Exercise details: Each entry must be given again exactly as it appears, with images excluded.

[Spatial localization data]
──────
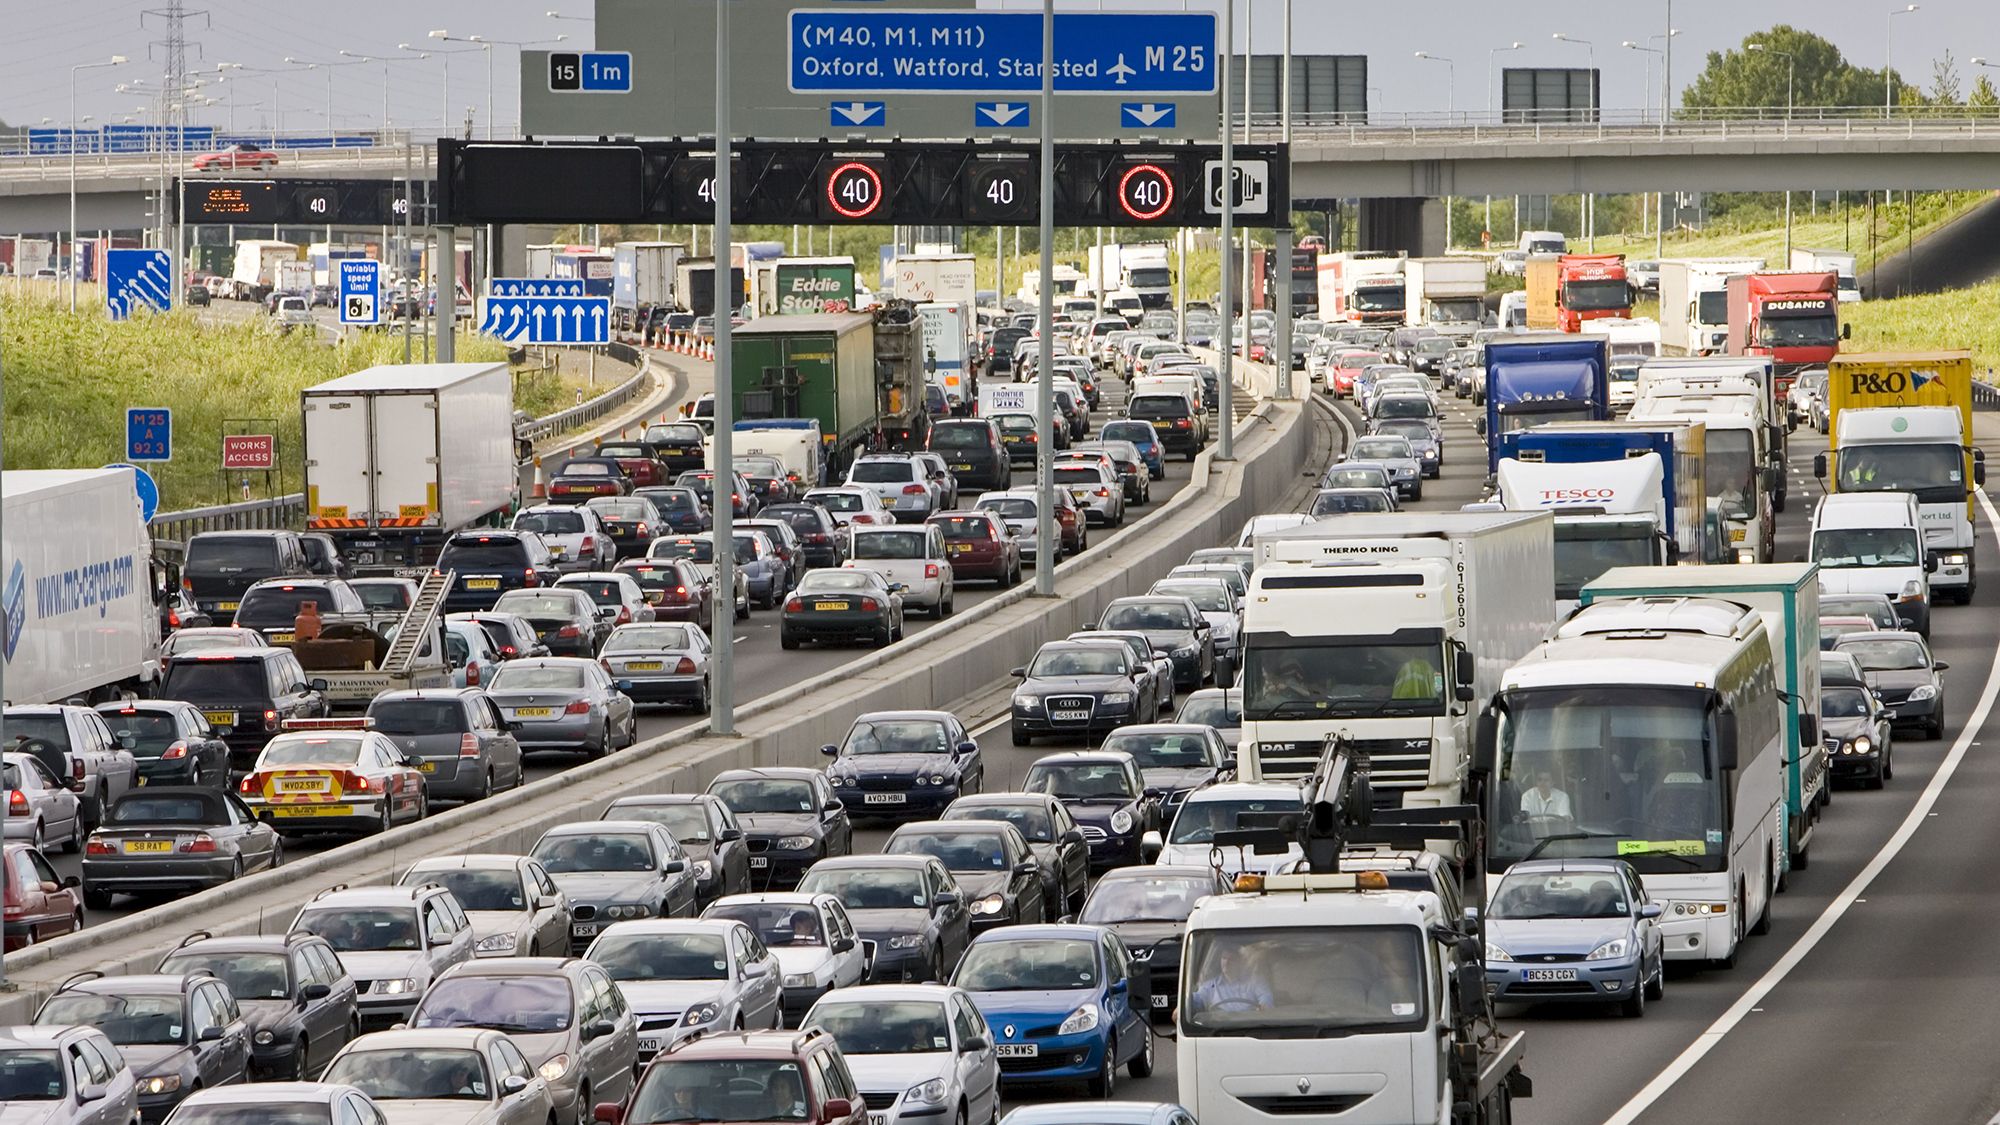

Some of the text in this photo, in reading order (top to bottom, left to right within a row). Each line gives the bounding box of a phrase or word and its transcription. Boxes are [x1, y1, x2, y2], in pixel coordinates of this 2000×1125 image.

[555, 65, 575, 81] 15
[590, 62, 622, 81] 1m
[802, 57, 885, 79] Oxford,
[893, 57, 990, 79] Watford,
[842, 178, 870, 203] 40
[986, 178, 1014, 205] 40
[1134, 180, 1161, 206] 40
[310, 197, 326, 213] 40
[343, 264, 376, 273] Variable
[347, 274, 372, 284] speed
[350, 283, 369, 291] limit
[791, 278, 841, 293] Eddie
[1850, 371, 1907, 395] P&O
[145, 428, 154, 439] A
[230, 441, 267, 450] WORKS
[228, 453, 268, 462] ACCESS
[1539, 488, 1615, 499] TESCO
[36, 555, 134, 619] www.mc-cargo.com
[1260, 743, 1296, 752] DAF
[1404, 740, 1430, 748] XF
[148, 842, 163, 850] RAT
[576, 926, 594, 935] FSK
[1529, 970, 1575, 980] BC53 CGX
[1013, 1045, 1034, 1055] WWS
──────
Written answer:
Some of the text in this photo, in reading order (top to bottom, left to right within a row). Each line gives the bounding box of a phrase or word and its transcription. Boxes are [x1, y1, x2, y2], in pixel coordinates of this 2000×1125 image.

[555, 65, 575, 81] 15
[590, 62, 622, 81] 1m
[802, 57, 885, 79] Oxford,
[893, 57, 990, 79] Watford,
[842, 178, 870, 203] 40
[986, 178, 1014, 205] 40
[1134, 180, 1161, 206] 40
[310, 197, 326, 213] 40
[343, 264, 376, 273] Variable
[347, 274, 372, 284] speed
[350, 283, 369, 291] limit
[791, 278, 841, 293] Eddie
[1850, 371, 1907, 395] P&O
[145, 428, 154, 439] A
[230, 441, 267, 450] WORKS
[228, 453, 268, 462] ACCESS
[1539, 488, 1615, 499] TESCO
[36, 555, 134, 619] www.mc-cargo.com
[1260, 743, 1296, 752] DAF
[1404, 740, 1430, 748] XF
[148, 842, 163, 850] RAT
[576, 926, 594, 935] FSK
[1529, 970, 1575, 980] BC53 CGX
[1013, 1045, 1034, 1055] WWS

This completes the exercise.